→ **Material supplied**:
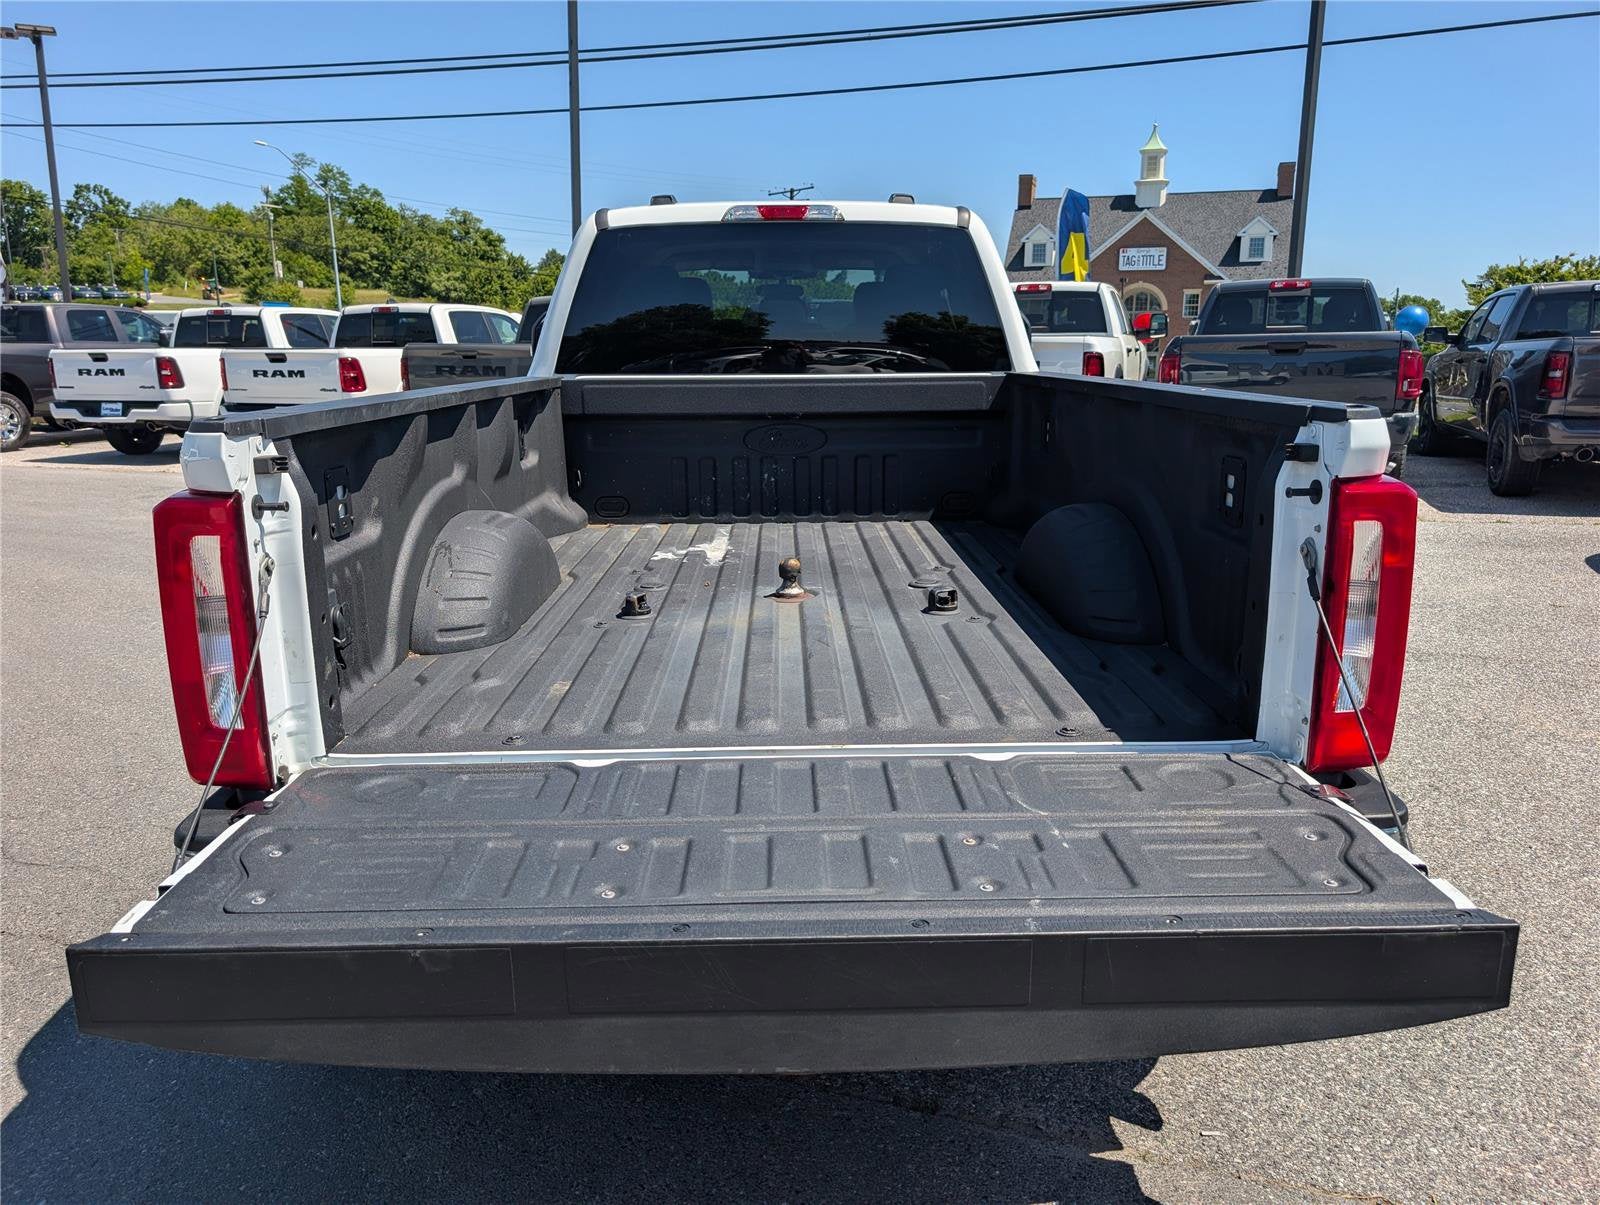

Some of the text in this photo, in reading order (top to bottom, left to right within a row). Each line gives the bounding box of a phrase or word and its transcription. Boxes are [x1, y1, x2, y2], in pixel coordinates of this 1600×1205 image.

[1121, 254, 1136, 267] TAG
[1141, 254, 1164, 267] TITLE
[77, 368, 126, 377] RAM
[252, 369, 306, 378] RAM
[435, 365, 506, 377] RAM
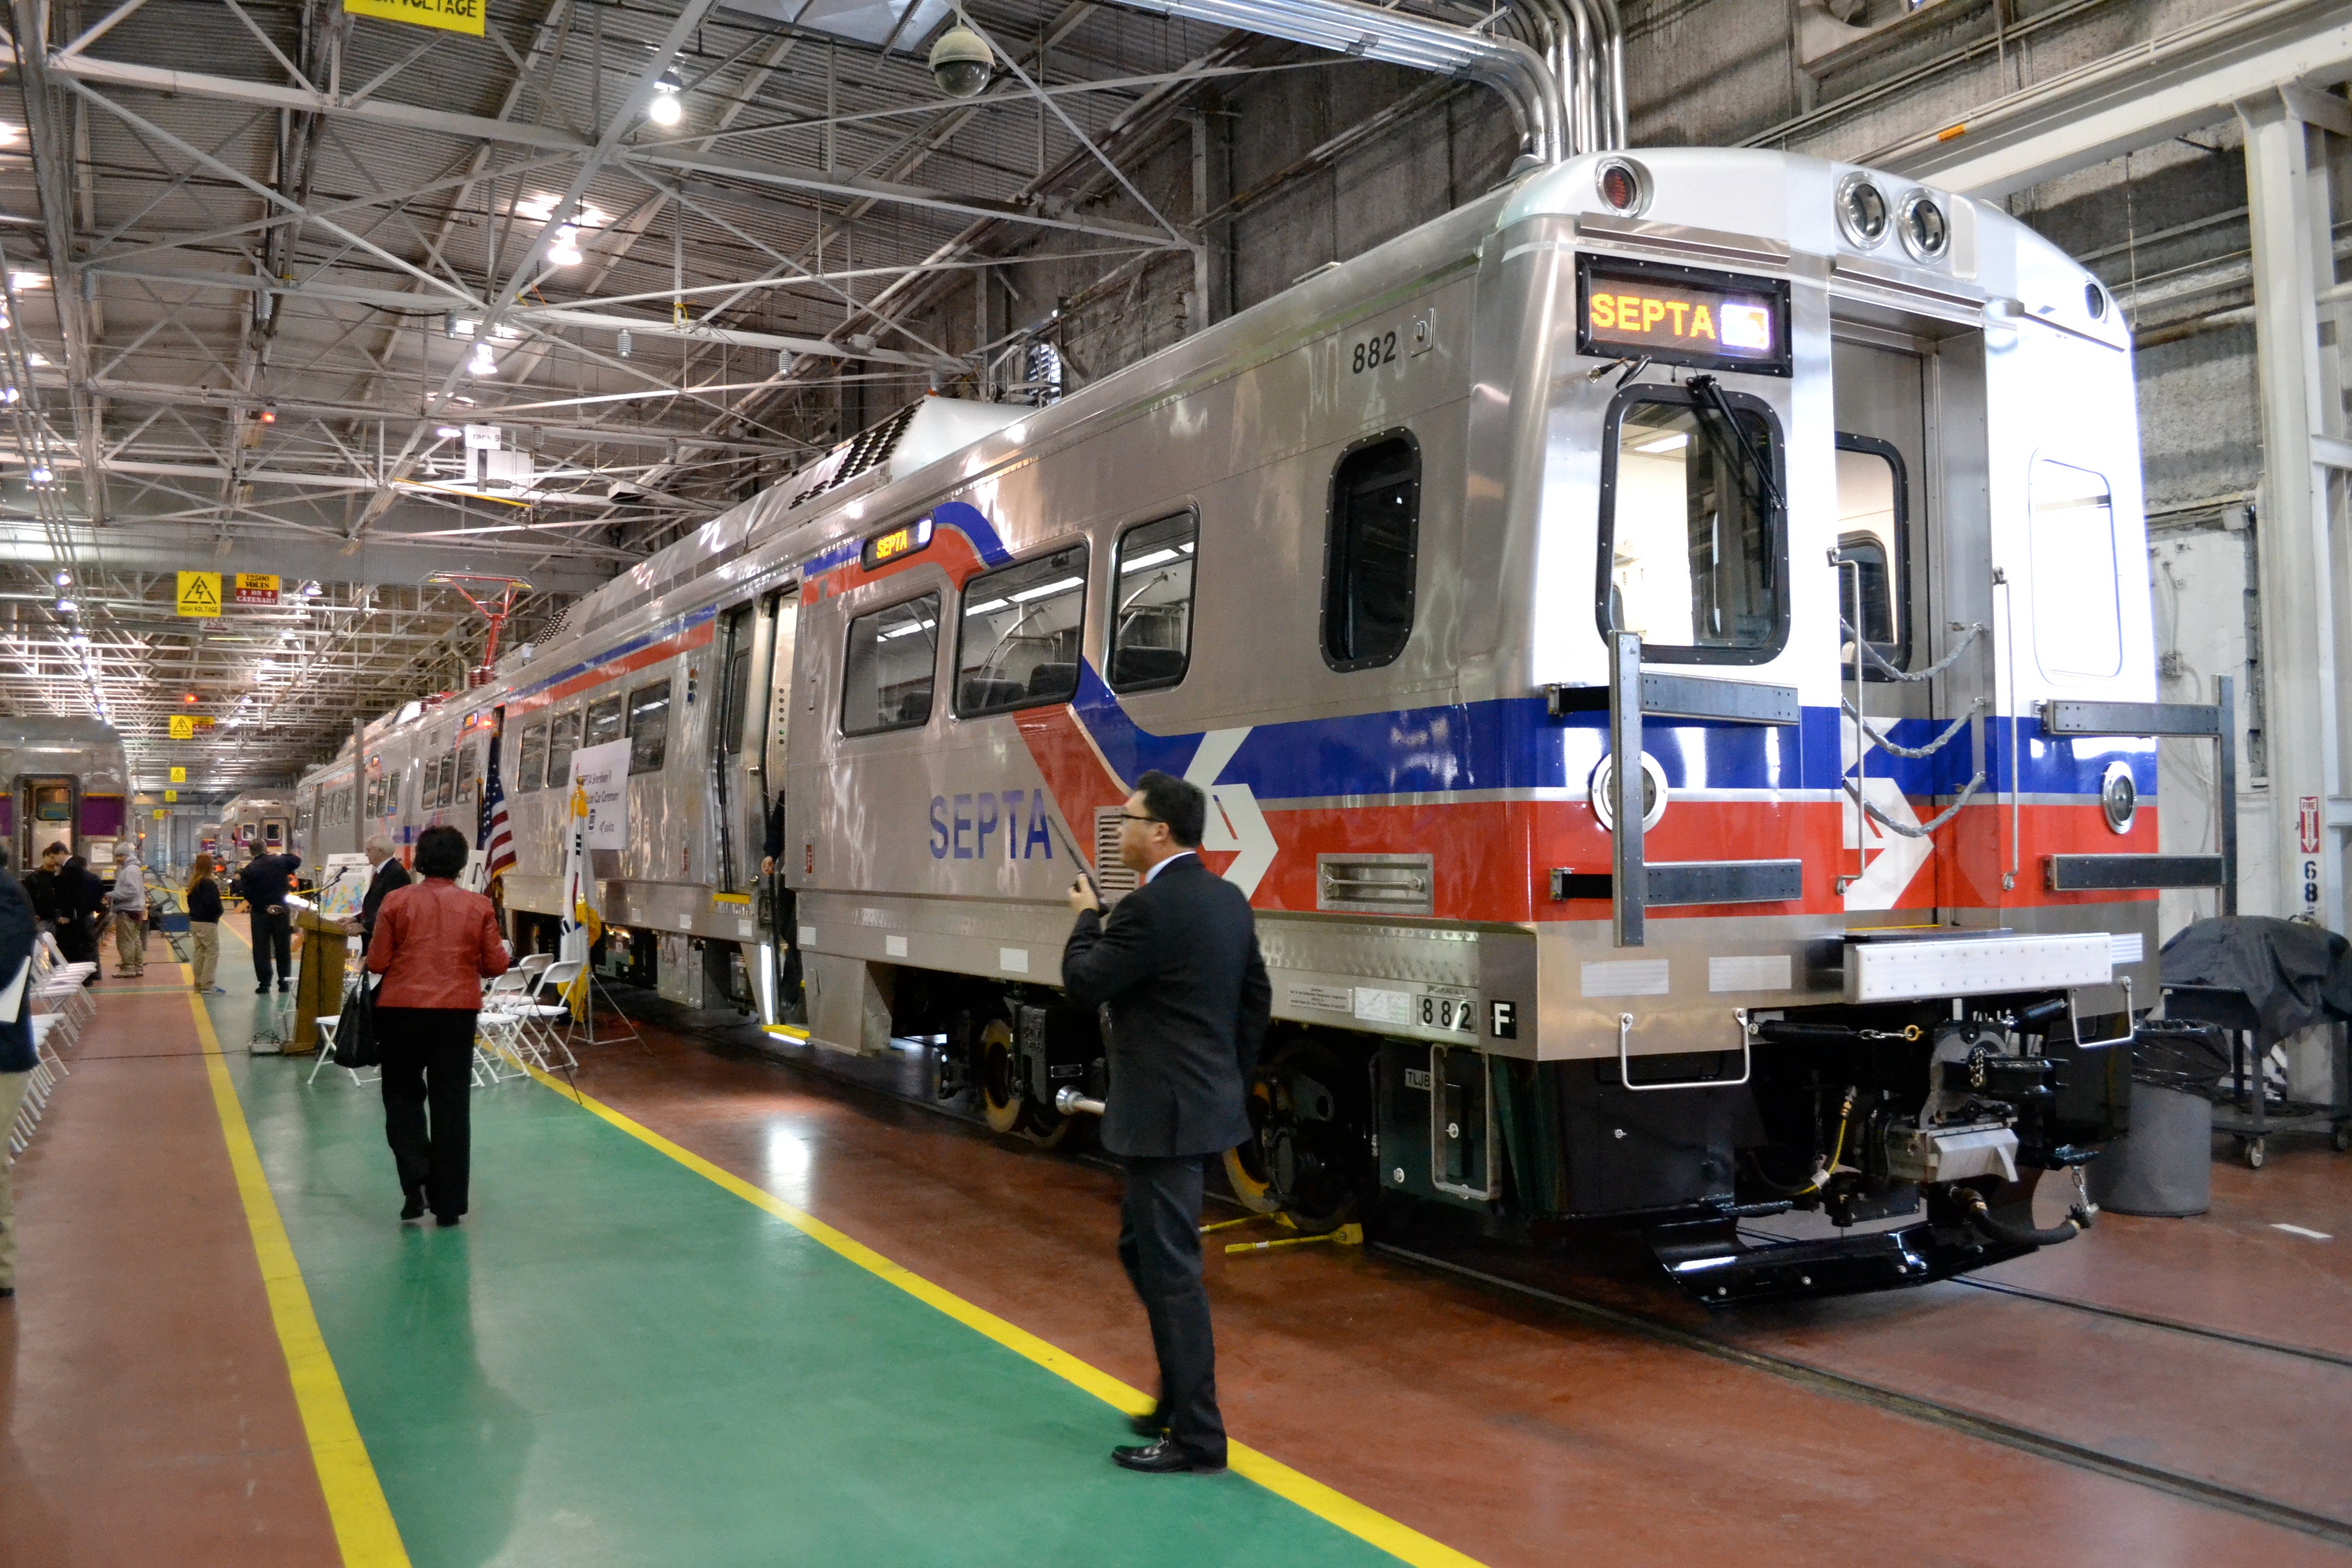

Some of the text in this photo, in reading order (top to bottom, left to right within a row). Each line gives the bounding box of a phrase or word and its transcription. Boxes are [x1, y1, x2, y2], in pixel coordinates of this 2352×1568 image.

→ **What you have to do**: Take the listing above and restate it word for word, without its pictures.

→ **Solution for this problem**:
Some of the text in this photo, in reading order (top to bottom, left to right within a row). Each line gives the bounding box of a phrase or word and its transcription. Boxes are [x1, y1, x2, y2], in pixel coordinates of this 1600×1205 image.

[1121, 254, 1136, 267] TAG
[1141, 254, 1164, 267] TITLE
[77, 368, 126, 377] RAM
[252, 369, 306, 378] RAM
[435, 365, 506, 377] RAM

Some of the text in this photo, in reading order (top to bottom, left to right within a row). Each line gives the bounding box of a phrase or word and its transcription. Boxes are [x1, y1, x2, y2], in pixel coordinates of this 2352×1568 image.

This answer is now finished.